Ashkan Layegh: If you want me to go to the very, very beginning: my dad is quite a prominent composer and Persian classical musician back in Iran. So that was the music I grew up with. I started playing the piano at the age of five, but didn’t really take it seriously. And when I was 13, I started to get into progressive rock. So with certain difficulties, I finally bought an electric guitar. And you probably know, in Iran, it’s illegal — rock music is basically considered to be against the Islamic regime. So there was not that much of a chance to perform.

But I did study quite a bit of repertoire; I was playing the piano, but it wasn’t that extreme. By the age of 17, I got a bit more serious in playing the piano, but I was immediately all-in the composition realm. I was composing things all the time just for myself, as I never had an ensemble back in Iran, and there never was a huge possibility to collaborate. I already knew very clearly that I was not going to end up as a full-time musician in Iran, because music is not considered a proper job — so you had to do something else. I studied mathematics in high school, and where I gained some first ranks in the country as well. Then I got accepted into an architecture school at University of Tehran; I studied architecture for two years, which formed a big part of my interest in various different types of arts, from cinema to painting to sculpture in addition to architecture.

While I was doing that, I won the Barbad Piano Competition where the jury — Layla Ramezan and Christophe Bukudjian — came from France to Iran. And through that, I got connected to a British conductor, Mark Stephenson, who was organising a concert for the Persian New Year in London. After doing that concert, he called my dad and said, “I think your son should study music, not architecture”. So that was the point that things changed. Although my parents did believe in me, we never thought there would be a chance for me to actually do an audition for one of the major conservatories before that competition.

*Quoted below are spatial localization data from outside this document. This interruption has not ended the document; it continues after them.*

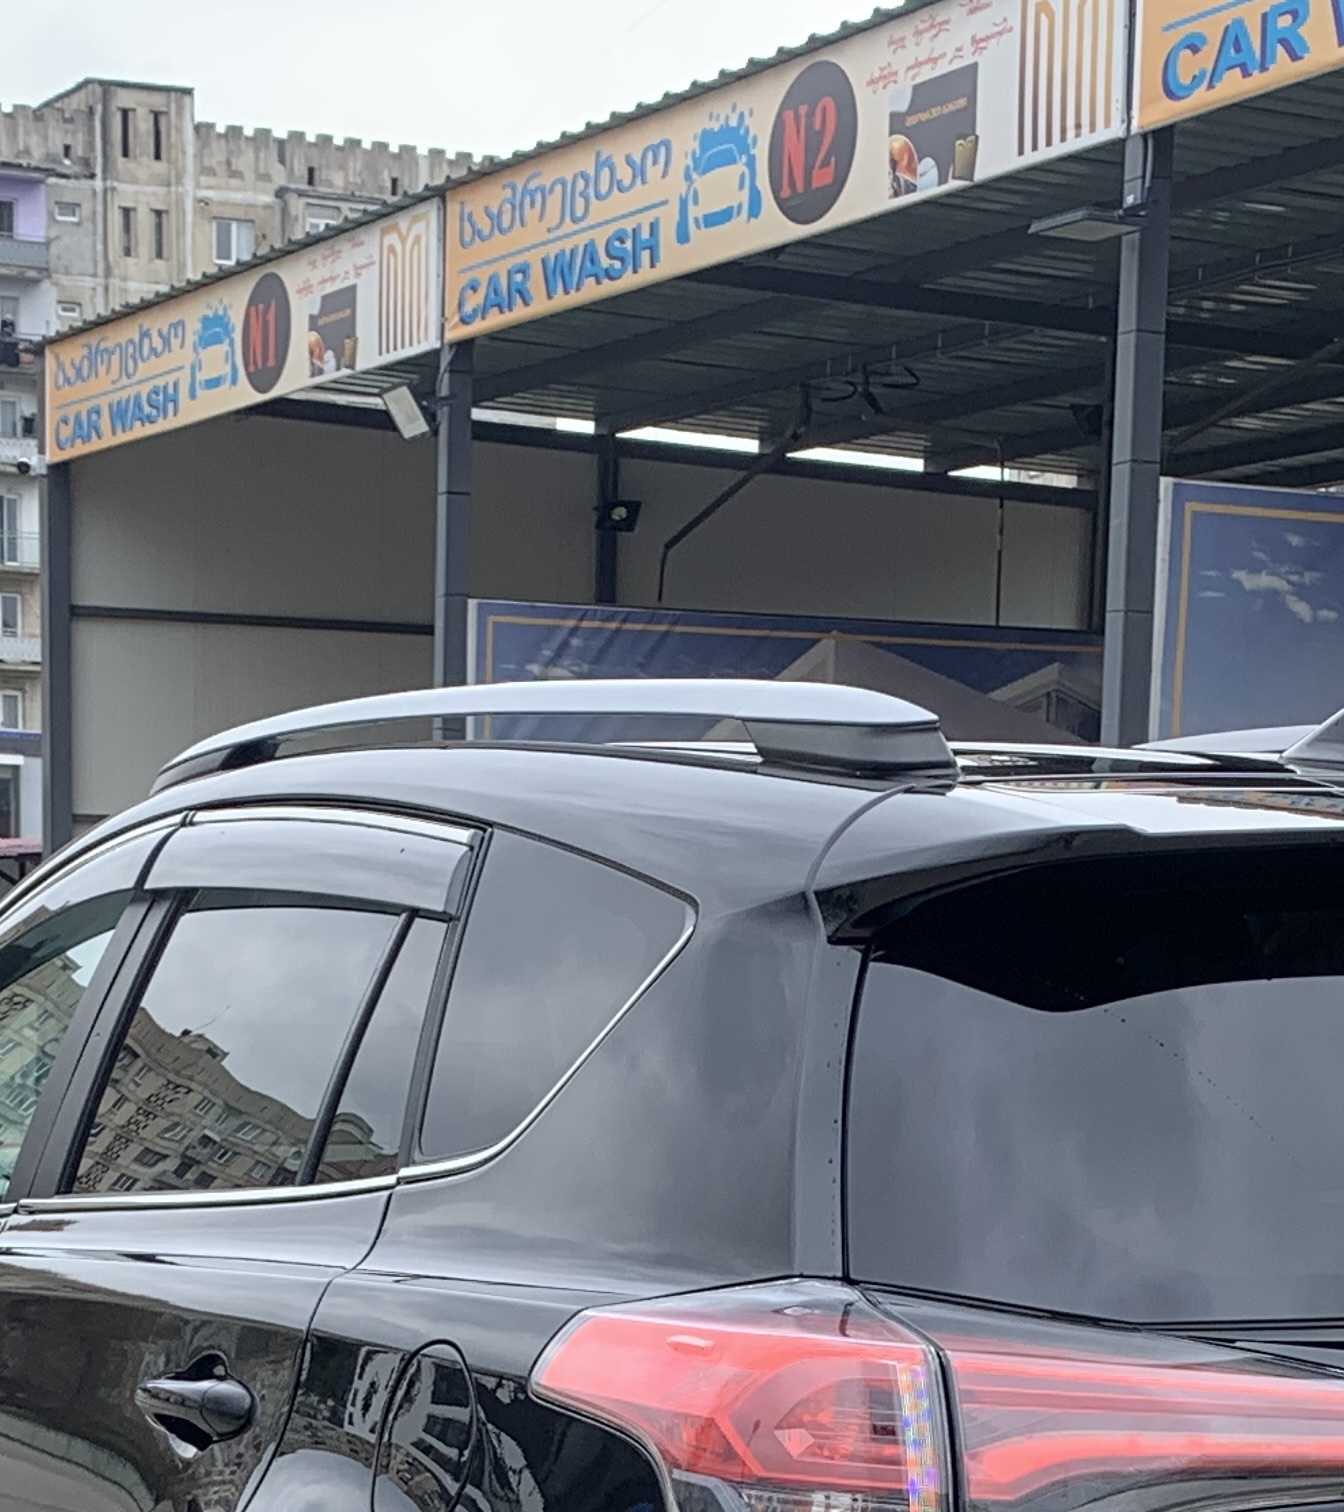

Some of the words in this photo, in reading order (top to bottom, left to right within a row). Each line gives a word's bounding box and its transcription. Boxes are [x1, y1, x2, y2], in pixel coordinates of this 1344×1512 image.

[1161, 0, 1311, 102] CAR
[458, 137, 673, 249] სამრეცხაო
[778, 96, 837, 199] N2
[458, 259, 532, 325] CAR
[544, 217, 662, 302] WASH
[54, 319, 186, 391] სამრეცხაო
[247, 296, 277, 373] N1
[55, 403, 103, 451] CAR
[109, 382, 180, 438] WASH

Where did your interest in composition start, and what artistic activities led you to ultimately pursue composition at the Royal Academy of Music?

I auditioned on piano, because back then I was not that confident in composition. But when I got into the course, there was quite a lot of confusion: my piano teacher, Joanna MacGregor — who is also the head of piano at Royal Academy of Music — told me in the very first two weeks of the course that if I wanted to go and study composition, I should simply have done that. But I didn’t — and I’m actually pretty glad I didn’t. But I did attend pretty much all the composition courses that were going on at the Academy. I had a few one-to-one lessons, but I went to all the orchestration and techniques classes. 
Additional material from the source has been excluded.